_Task prompt_:
Return all of the data verbatim, dropping any picture.

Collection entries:
((
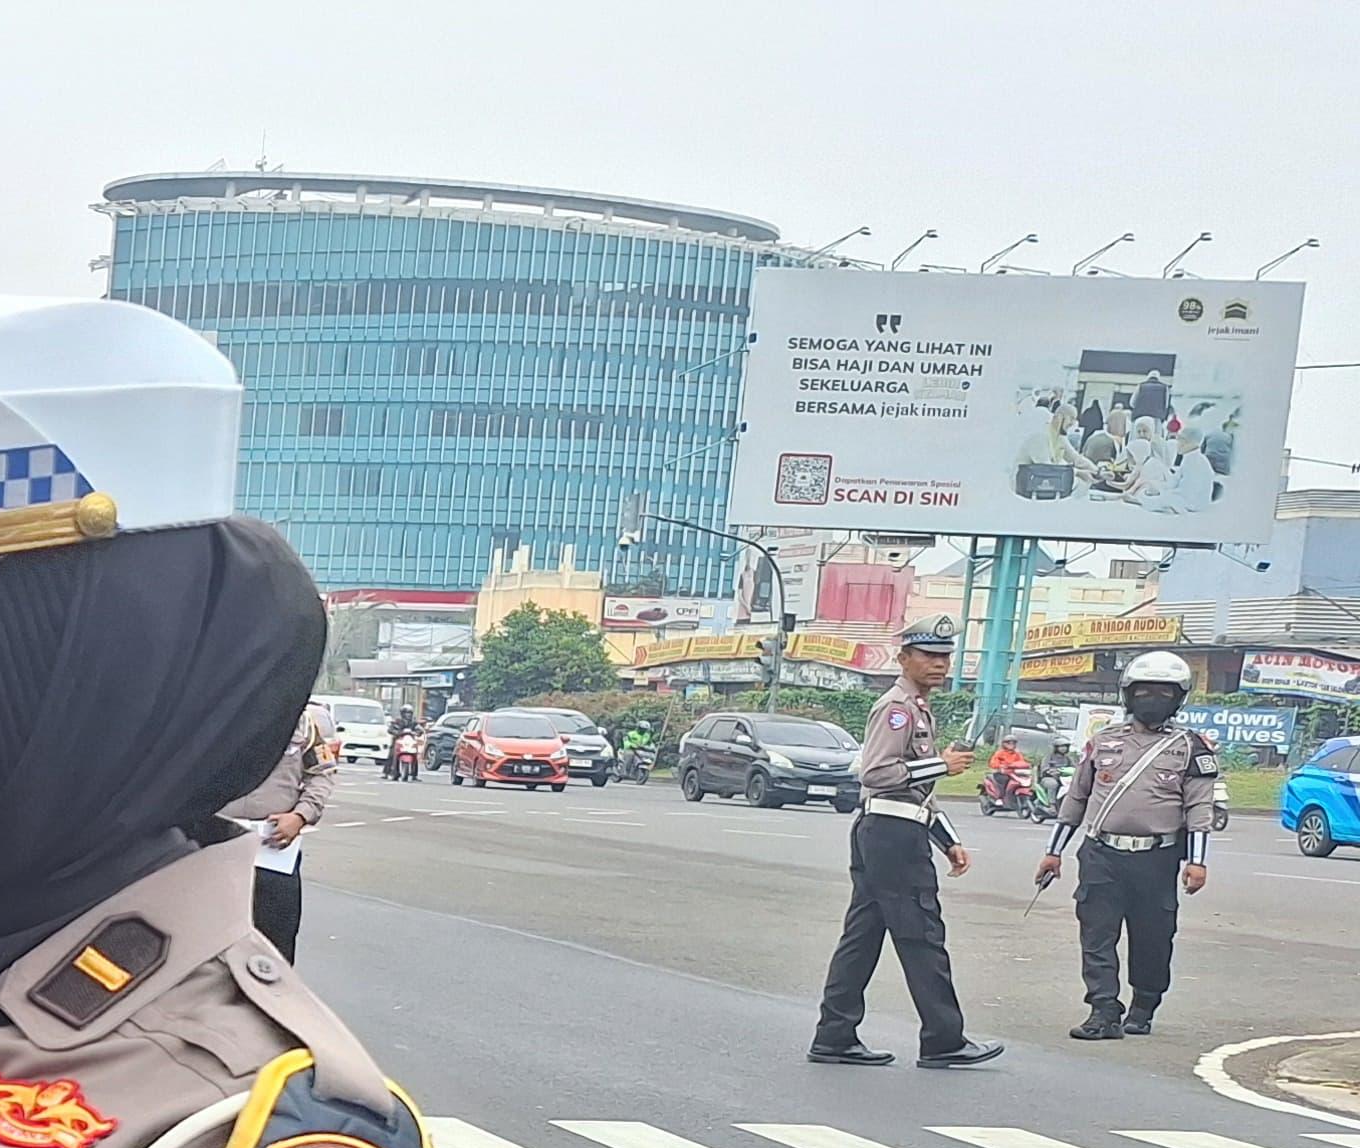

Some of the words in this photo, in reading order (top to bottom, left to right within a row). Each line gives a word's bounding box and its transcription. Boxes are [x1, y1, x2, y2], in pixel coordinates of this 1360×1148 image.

[787, 337, 860, 351] SEMOGA
[865, 339, 911, 353] YANG
[916, 341, 965, 356] LIHAT
[969, 343, 993, 356] INI
[791, 357, 831, 371] BISA
[836, 359, 873, 374] HAJI
[878, 360, 915, 374] DAN
[920, 362, 983, 376] UMRAH
[799, 378, 910, 394] SEKELUARGA
[795, 400, 878, 416] BERSAMA
[880, 402, 919, 418] jejak
[921, 404, 968, 418] imani
[834, 488, 887, 504] SCAN
[893, 490, 914, 505] DI
[920, 491, 959, 507] SINI
[1133, 616, 1167, 631] AUDIO
[1174, 711, 1208, 725] ow
[1213, 709, 1284, 728] down,
[1227, 726, 1286, 743] lives
))
_Solved exercise_:
Some of the words in this photo, in reading order (top to bottom, left to right within a row). Each line gives a word's bounding box and its transcription. Boxes are [x1, y1, x2, y2], in pixel coordinates of this 1360×1148 image.

[787, 337, 860, 351] SEMOGA
[865, 339, 911, 353] YANG
[916, 341, 965, 356] LIHAT
[969, 343, 993, 356] INI
[791, 357, 831, 371] BISA
[836, 359, 873, 374] HAJI
[878, 360, 915, 374] DAN
[920, 362, 983, 376] UMRAH
[799, 378, 910, 394] SEKELUARGA
[795, 400, 878, 416] BERSAMA
[880, 402, 919, 418] jejak
[921, 404, 968, 418] imani
[834, 488, 887, 504] SCAN
[893, 490, 914, 505] DI
[920, 491, 959, 507] SINI
[1133, 616, 1167, 631] AUDIO
[1174, 711, 1208, 725] ow
[1213, 709, 1284, 728] down,
[1227, 726, 1286, 743] lives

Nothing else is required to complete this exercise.